--- WORK REQUEST ---
Every line of the records counts; transcribe each one exactly.

EXERCISE INPUT Start Marker

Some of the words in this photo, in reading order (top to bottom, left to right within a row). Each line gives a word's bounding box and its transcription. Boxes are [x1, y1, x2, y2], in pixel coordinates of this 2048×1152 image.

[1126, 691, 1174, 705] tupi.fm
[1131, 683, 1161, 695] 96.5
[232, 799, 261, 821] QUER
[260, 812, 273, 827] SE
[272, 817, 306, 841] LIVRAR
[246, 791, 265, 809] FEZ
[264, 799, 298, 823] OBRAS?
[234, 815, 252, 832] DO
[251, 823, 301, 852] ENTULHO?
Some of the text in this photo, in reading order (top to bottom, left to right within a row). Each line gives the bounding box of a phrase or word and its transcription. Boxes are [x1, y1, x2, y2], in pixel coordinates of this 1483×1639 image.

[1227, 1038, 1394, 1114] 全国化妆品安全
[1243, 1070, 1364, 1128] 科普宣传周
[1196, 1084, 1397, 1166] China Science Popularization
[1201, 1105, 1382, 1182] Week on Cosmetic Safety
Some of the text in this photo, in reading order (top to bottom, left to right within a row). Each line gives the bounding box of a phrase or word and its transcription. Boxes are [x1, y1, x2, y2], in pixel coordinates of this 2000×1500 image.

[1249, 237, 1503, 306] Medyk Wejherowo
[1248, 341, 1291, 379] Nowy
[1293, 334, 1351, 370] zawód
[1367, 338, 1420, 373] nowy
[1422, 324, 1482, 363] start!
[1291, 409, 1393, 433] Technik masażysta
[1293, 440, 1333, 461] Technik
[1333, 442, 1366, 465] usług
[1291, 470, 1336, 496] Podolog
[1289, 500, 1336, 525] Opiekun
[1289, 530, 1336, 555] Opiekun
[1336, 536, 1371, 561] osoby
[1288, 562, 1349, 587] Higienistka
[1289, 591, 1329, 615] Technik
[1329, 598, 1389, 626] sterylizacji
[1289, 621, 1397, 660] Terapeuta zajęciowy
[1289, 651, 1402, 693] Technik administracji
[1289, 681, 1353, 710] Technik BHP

EXERCISE INPUT End Marker

--- OUTPUT FOR THIS TASK ---
Some of the words in this photo, in reading order (top to bottom, left to right within a row). Each line gives a word's bounding box and its transcription. Boxes are [x1, y1, x2, y2], in pixel coordinates of this 2048×1152 image.

[1126, 691, 1174, 705] tupi.fm
[1131, 683, 1161, 695] 96.5
[232, 799, 261, 821] QUER
[260, 812, 273, 827] SE
[272, 817, 306, 841] LIVRAR
[246, 791, 265, 809] FEZ
[264, 799, 298, 823] OBRAS?
[234, 815, 252, 832] DO
[251, 823, 301, 852] ENTULHO?
Some of the text in this photo, in reading order (top to bottom, left to right within a row). Each line gives the bounding box of a phrase or word and its transcription. Boxes are [x1, y1, x2, y2], in pixel coordinates of this 1483×1639 image.

[1227, 1038, 1394, 1114] 全国化妆品安全
[1243, 1070, 1364, 1128] 科普宣传周
[1196, 1084, 1397, 1166] China Science Popularization
[1201, 1105, 1382, 1182] Week on Cosmetic Safety
Some of the text in this photo, in reading order (top to bottom, left to right within a row). Each line gives the bounding box of a phrase or word and its transcription. Boxes are [x1, y1, x2, y2], in pixel coordinates of this 2000×1500 image.

[1249, 237, 1503, 306] Medyk Wejherowo
[1248, 341, 1291, 379] Nowy
[1293, 334, 1351, 370] zawód
[1367, 338, 1420, 373] nowy
[1422, 324, 1482, 363] start!
[1291, 409, 1393, 433] Technik masażysta
[1293, 440, 1333, 461] Technik
[1333, 442, 1366, 465] usług
[1291, 470, 1336, 496] Podolog
[1289, 500, 1336, 525] Opiekun
[1289, 530, 1336, 555] Opiekun
[1336, 536, 1371, 561] osoby
[1288, 562, 1349, 587] Higienistka
[1289, 591, 1329, 615] Technik
[1329, 598, 1389, 626] sterylizacji
[1289, 621, 1397, 660] Terapeuta zajęciowy
[1289, 651, 1402, 693] Technik administracji
[1289, 681, 1353, 710] Technik BHP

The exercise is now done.